> **Work request**: Beginning with the line that holds "this 1728×1728 image." and ending with the last line below, repeat each line exactly, leaving any pictures out.

> **Provided records**:
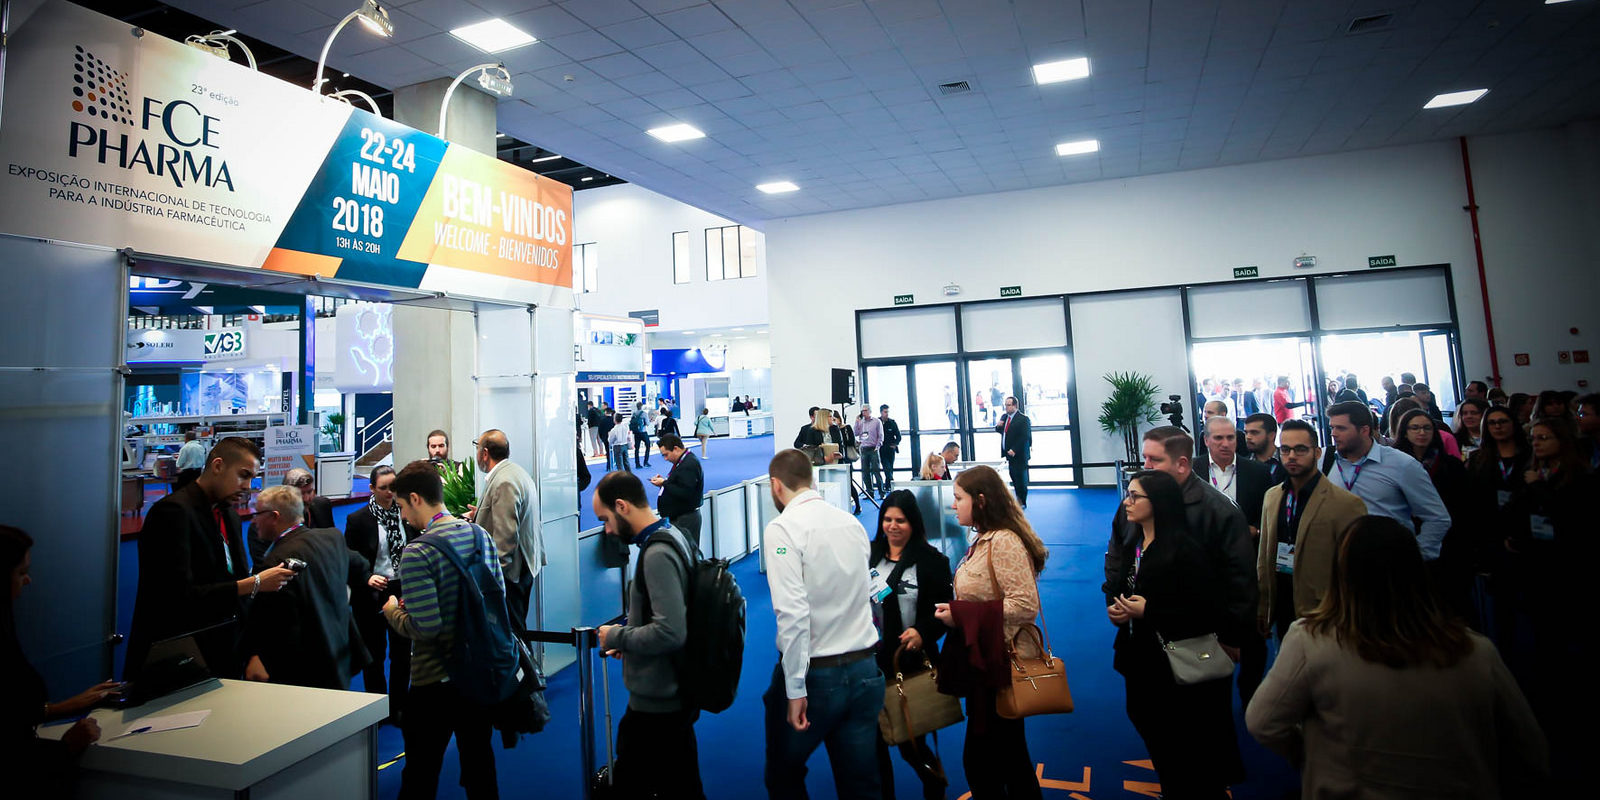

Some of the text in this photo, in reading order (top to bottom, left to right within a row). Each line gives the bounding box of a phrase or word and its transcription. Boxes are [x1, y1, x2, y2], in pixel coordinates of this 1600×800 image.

[209, 90, 239, 107] edição
[142, 96, 221, 149] FCE
[68, 121, 235, 192] PHARMA
[361, 127, 416, 174] 22-24
[8, 163, 272, 224] EXPOSIÇÃO INTERNACIONAL DE TECNOLOGIA
[352, 162, 399, 205] MAIO
[49, 188, 246, 231] PARA A INDÚSTRIA FARMACÊUTICA
[332, 196, 384, 238] 2018
[442, 174, 566, 246] BEM-VINDOS
[336, 236, 380, 254] 13H ÀS 20H
[434, 221, 490, 255] WELCOME
[499, 238, 559, 270] BIENVENIDOS
[1370, 258, 1395, 266] SAÍDA
[1001, 287, 1020, 297] SAÍDA
[1235, 268, 1257, 277] SAÍDA
[895, 296, 913, 305] SAÍDA
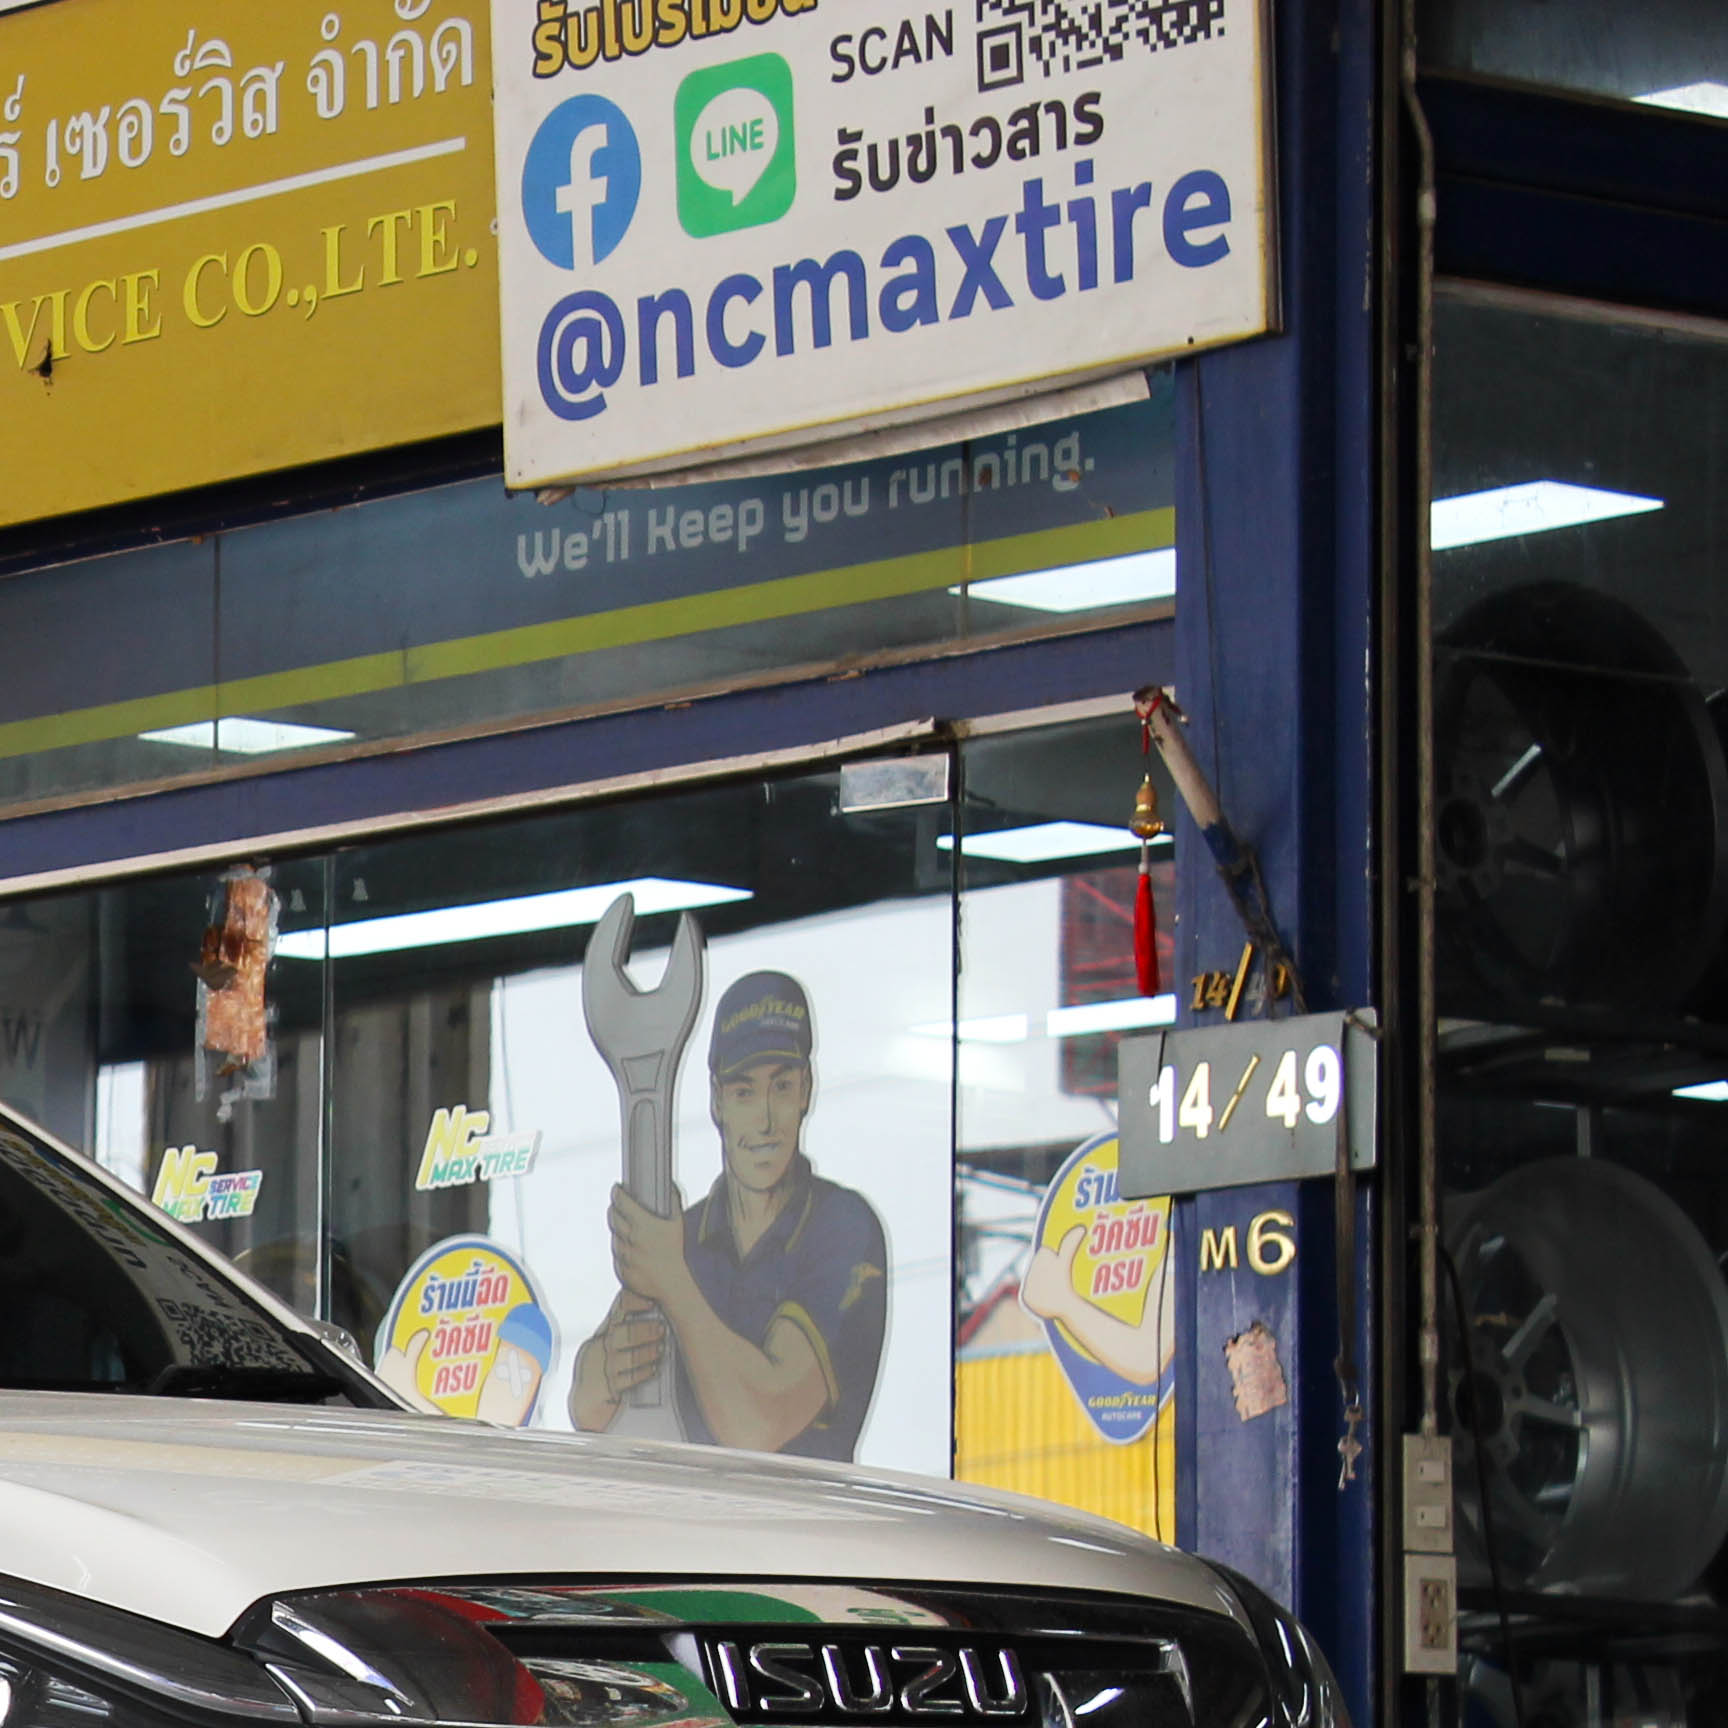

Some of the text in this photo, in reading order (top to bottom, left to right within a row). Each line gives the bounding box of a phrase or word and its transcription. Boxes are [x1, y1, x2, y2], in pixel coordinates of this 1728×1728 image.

[831, 9, 955, 83] SCAN
[45, 28, 285, 188] เซอร์วิส
[306, 0, 474, 119] จำกัด
[704, 118, 764, 161] LINE
[833, 91, 1105, 201] รับข่าวสาร
[537, 158, 1232, 421] @ncmaxtire
[517, 509, 631, 579] We'll
[781, 475, 870, 542] you
[888, 431, 1095, 510] running.
[1149, 1044, 1342, 1144] 14/49
[154, 1148, 218, 1206] NC
[418, 1109, 489, 1187] NC
[431, 1144, 531, 1185] MAX TIRE
[207, 1189, 256, 1218] TIRE
[208, 1173, 261, 1196] SERVICE
[1089, 1204, 1160, 1257] วัคซีน
[1092, 1256, 1144, 1296] ครบ
[432, 1313, 493, 1358] วัคซีน
[434, 1361, 480, 1396] ครบ
[716, 1640, 1028, 1717] ISUZU
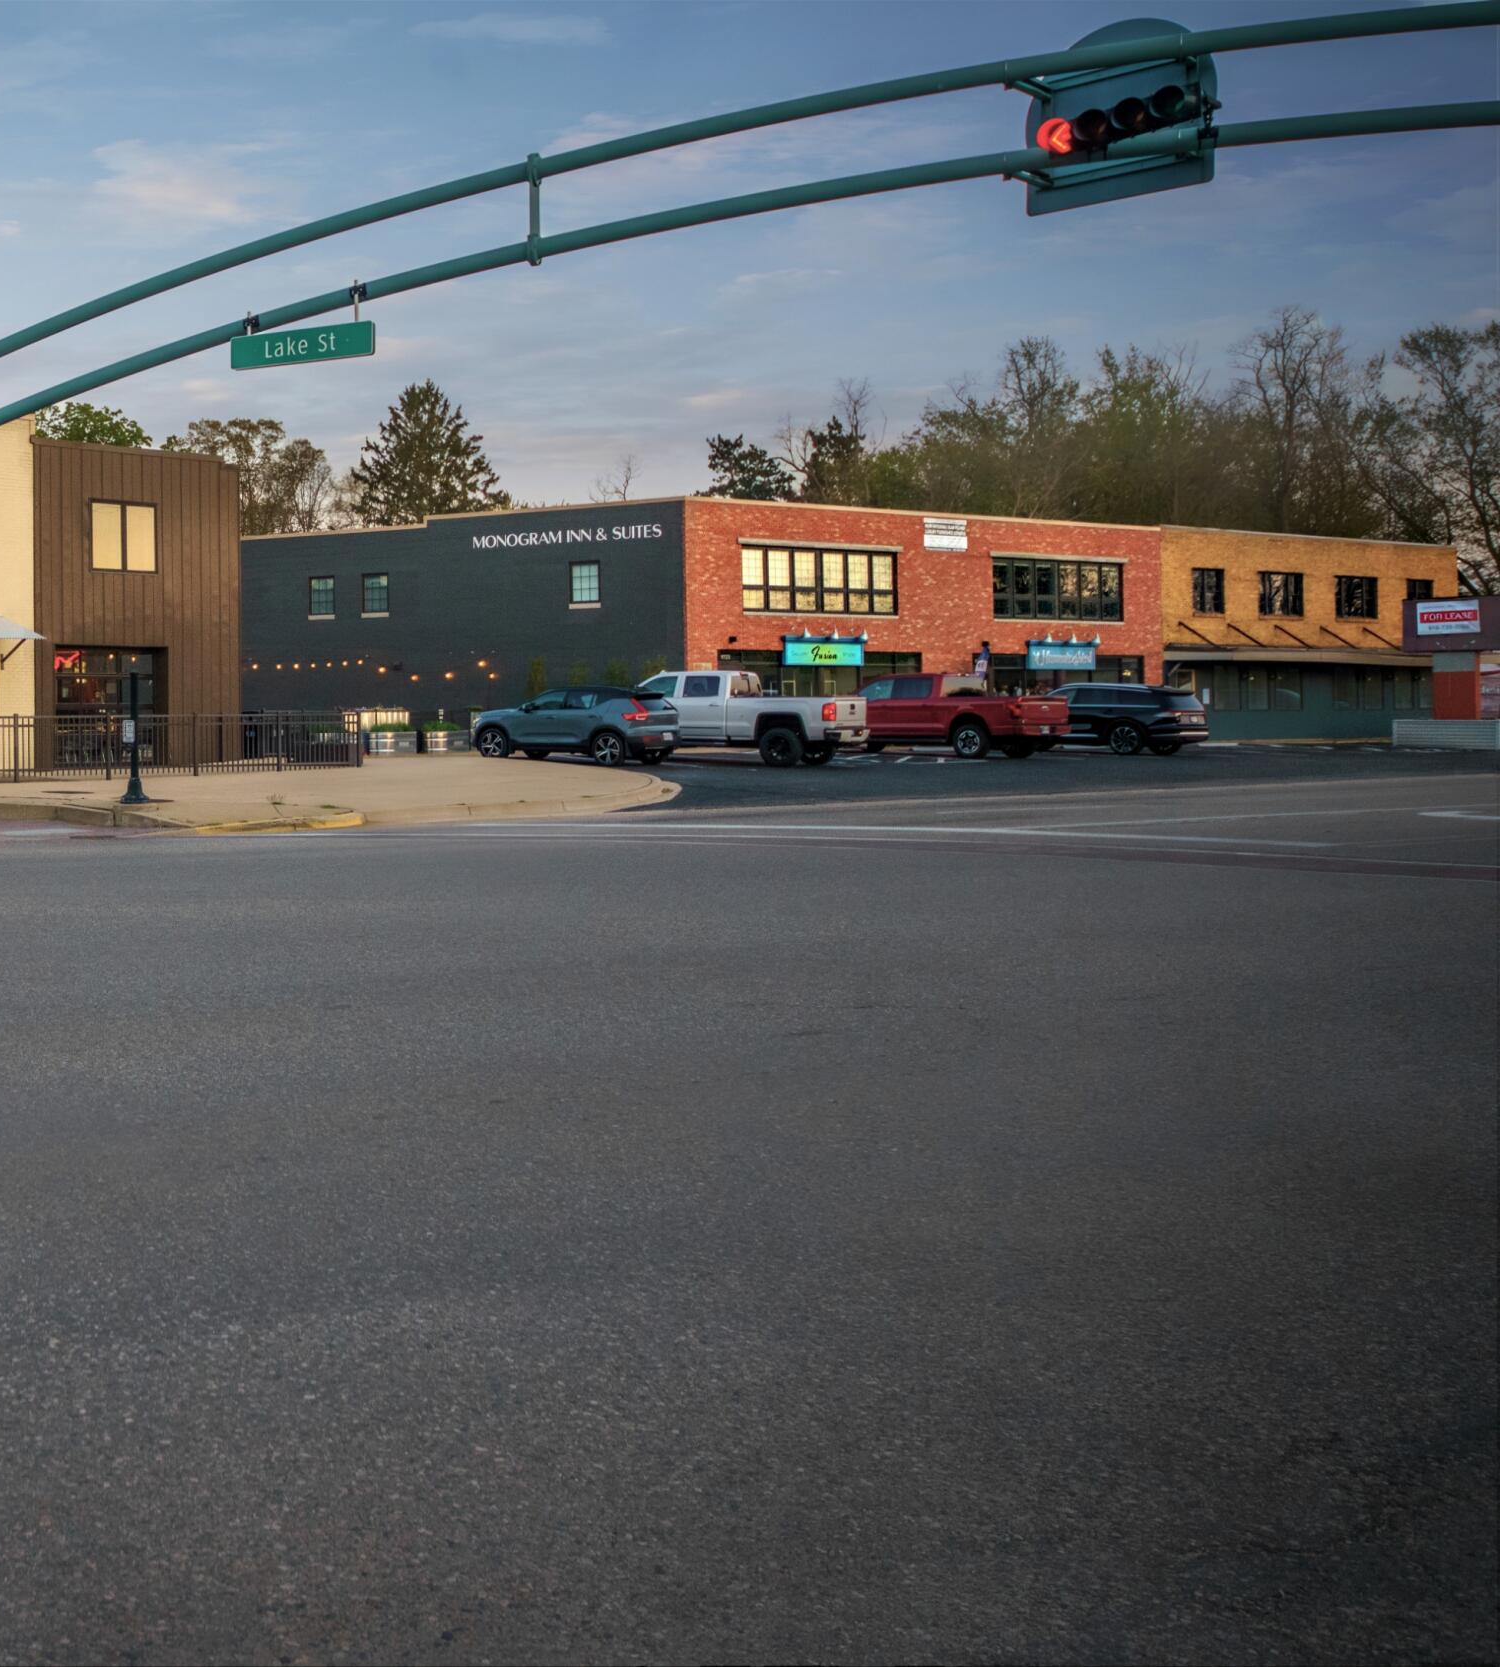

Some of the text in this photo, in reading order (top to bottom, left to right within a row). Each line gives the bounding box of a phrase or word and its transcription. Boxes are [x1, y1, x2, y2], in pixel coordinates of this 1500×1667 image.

[264, 332, 337, 359] Lake St
[472, 523, 662, 549] MONOGRAM INN & SUITES
[1444, 610, 1474, 620] LEASE
[811, 645, 837, 662] Fusion

> **Exercise solution**:
Some of the text in this photo, in reading order (top to bottom, left to right within a row). Each line gives the bounding box of a phrase or word and its transcription. Boxes are [x1, y1, x2, y2], in pixel coordinates of this 1728×1728 image.

[831, 9, 955, 83] SCAN
[45, 28, 285, 188] เซอร์วิส
[306, 0, 474, 119] จำกัด
[704, 118, 764, 161] LINE
[833, 91, 1105, 201] รับข่าวสาร
[537, 158, 1232, 421] @ncmaxtire
[517, 509, 631, 579] We'll
[781, 475, 870, 542] you
[888, 431, 1095, 510] running.
[1149, 1044, 1342, 1144] 14/49
[154, 1148, 218, 1206] NC
[418, 1109, 489, 1187] NC
[431, 1144, 531, 1185] MAX TIRE
[207, 1189, 256, 1218] TIRE
[208, 1173, 261, 1196] SERVICE
[1089, 1204, 1160, 1257] วัคซีน
[1092, 1256, 1144, 1296] ครบ
[432, 1313, 493, 1358] วัคซีน
[434, 1361, 480, 1396] ครบ
[716, 1640, 1028, 1717] ISUZU

Some of the text in this photo, in reading order (top to bottom, left to right within a row). Each line gives the bounding box of a phrase or word and its transcription. Boxes are [x1, y1, x2, y2], in pixel coordinates of this 1500×1667 image.

[264, 332, 337, 359] Lake St
[472, 523, 662, 549] MONOGRAM INN & SUITES
[1444, 610, 1474, 620] LEASE
[811, 645, 837, 662] Fusion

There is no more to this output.